Nice use of color photos to illustrate ideas and tools. Good detailed glossary of tools such as pins and needles, machine and serger basics, feet and attachments. They even go as deep as explaining different types of thread, and that’s why I bought it: it’s in depth on the basics.
The finishing techniques in this one include both hand and machine, and Denise likes that, because it provides options for those that don’t have access to all kinds of machines. Despite being less wordy, it includes an excellent range of the basic need-to-knows. I bought this book I liked it so much.
Sewing Techniques: An Introduction to Construction Skills within the Design Process from “Basics: Fashion Design” series by Bloomsbury,
by Jennifer Prendergast
TT713 .P386 2014
This reads like it’s a textbook for couturiers, but contains only minimal construction or how-to information. Instead, it offers interviews with young (London-based) designers and photographs of their innovative couture work.
In contrast to the books we’ve reviewed above, this appears to be offer instruction setting up of a professional design workroom. The construction included is almost an afterthought, addressing only the barest introduction, like setting in zippers, and basic dart positions.
The book is stronger as an inspirational volume of young of couturiers and their introductions to the business. It’s the photos, mostly runway shots, which are most thought provoking and creatively challenging.
Stitch by Stitch: Learning to Sew, One Project at a Time, by Deborah Moebes
TT705 .M593 2010
This is another book whose attractive design makes its information much easier to get. “Sewing,” writes the author,”when you get right down to it, is just taking the ugly, cut edges of fabric and making them pretty.” Her organization of the lessons is the same: friendly, but no-nonsense. She provides the basics, sometimes unwritten, rules in a friendly and colorful way.

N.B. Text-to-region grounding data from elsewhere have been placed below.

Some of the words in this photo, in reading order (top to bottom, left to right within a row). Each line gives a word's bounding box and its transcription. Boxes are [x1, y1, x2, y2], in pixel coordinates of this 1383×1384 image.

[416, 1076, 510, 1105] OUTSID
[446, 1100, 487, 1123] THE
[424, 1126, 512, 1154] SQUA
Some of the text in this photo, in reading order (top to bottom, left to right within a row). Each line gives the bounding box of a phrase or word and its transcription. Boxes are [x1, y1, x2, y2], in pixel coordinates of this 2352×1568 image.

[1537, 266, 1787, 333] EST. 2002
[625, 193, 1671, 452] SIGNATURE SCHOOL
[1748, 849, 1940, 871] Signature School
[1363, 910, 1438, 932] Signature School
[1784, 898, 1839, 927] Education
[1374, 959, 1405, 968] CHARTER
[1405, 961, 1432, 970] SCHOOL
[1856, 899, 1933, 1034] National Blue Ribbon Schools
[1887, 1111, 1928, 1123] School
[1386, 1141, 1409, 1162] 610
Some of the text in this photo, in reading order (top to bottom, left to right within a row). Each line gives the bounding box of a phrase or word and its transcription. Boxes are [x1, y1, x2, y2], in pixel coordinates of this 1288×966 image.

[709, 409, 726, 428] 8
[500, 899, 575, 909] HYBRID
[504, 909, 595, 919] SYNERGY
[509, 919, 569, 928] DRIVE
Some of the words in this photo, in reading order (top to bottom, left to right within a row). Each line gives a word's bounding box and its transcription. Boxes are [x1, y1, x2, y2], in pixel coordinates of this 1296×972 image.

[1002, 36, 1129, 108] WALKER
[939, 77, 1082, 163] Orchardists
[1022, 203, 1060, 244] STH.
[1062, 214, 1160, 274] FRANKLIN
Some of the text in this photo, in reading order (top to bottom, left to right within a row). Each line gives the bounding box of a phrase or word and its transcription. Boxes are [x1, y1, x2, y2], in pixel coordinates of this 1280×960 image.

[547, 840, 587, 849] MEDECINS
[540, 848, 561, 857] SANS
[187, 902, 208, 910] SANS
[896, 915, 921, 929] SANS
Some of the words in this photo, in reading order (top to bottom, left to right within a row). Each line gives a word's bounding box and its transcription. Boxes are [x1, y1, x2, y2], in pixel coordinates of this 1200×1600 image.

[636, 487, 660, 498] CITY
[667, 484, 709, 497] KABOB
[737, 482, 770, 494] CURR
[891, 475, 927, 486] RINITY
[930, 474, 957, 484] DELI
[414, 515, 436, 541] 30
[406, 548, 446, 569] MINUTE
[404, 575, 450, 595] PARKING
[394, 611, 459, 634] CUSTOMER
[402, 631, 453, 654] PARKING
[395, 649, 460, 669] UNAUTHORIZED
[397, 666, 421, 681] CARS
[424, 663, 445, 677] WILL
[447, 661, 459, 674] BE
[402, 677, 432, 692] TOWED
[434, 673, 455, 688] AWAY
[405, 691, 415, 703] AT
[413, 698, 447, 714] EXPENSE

What this author has done best, we think, is to provide a series of simple projects to teach important concepts of machine sewing. In addition, she presents these in clear steps, often explaining things that other books don’t, and in attractive, colorful pages.
By approaching sewing by concepts, not traditional tools, she gets at some really good how-to that could easily be lost in more traditional approaches. Between the text and the projects, this book provides a great starting place for someone new to the sewing machine universe.
The book’s layout, with flowery typefaces and small boxes for special info, may look dated in 20 years or more. But it’s such a solid introduction to the art that I will probably hand it to the next person who wants sewing lessons from me.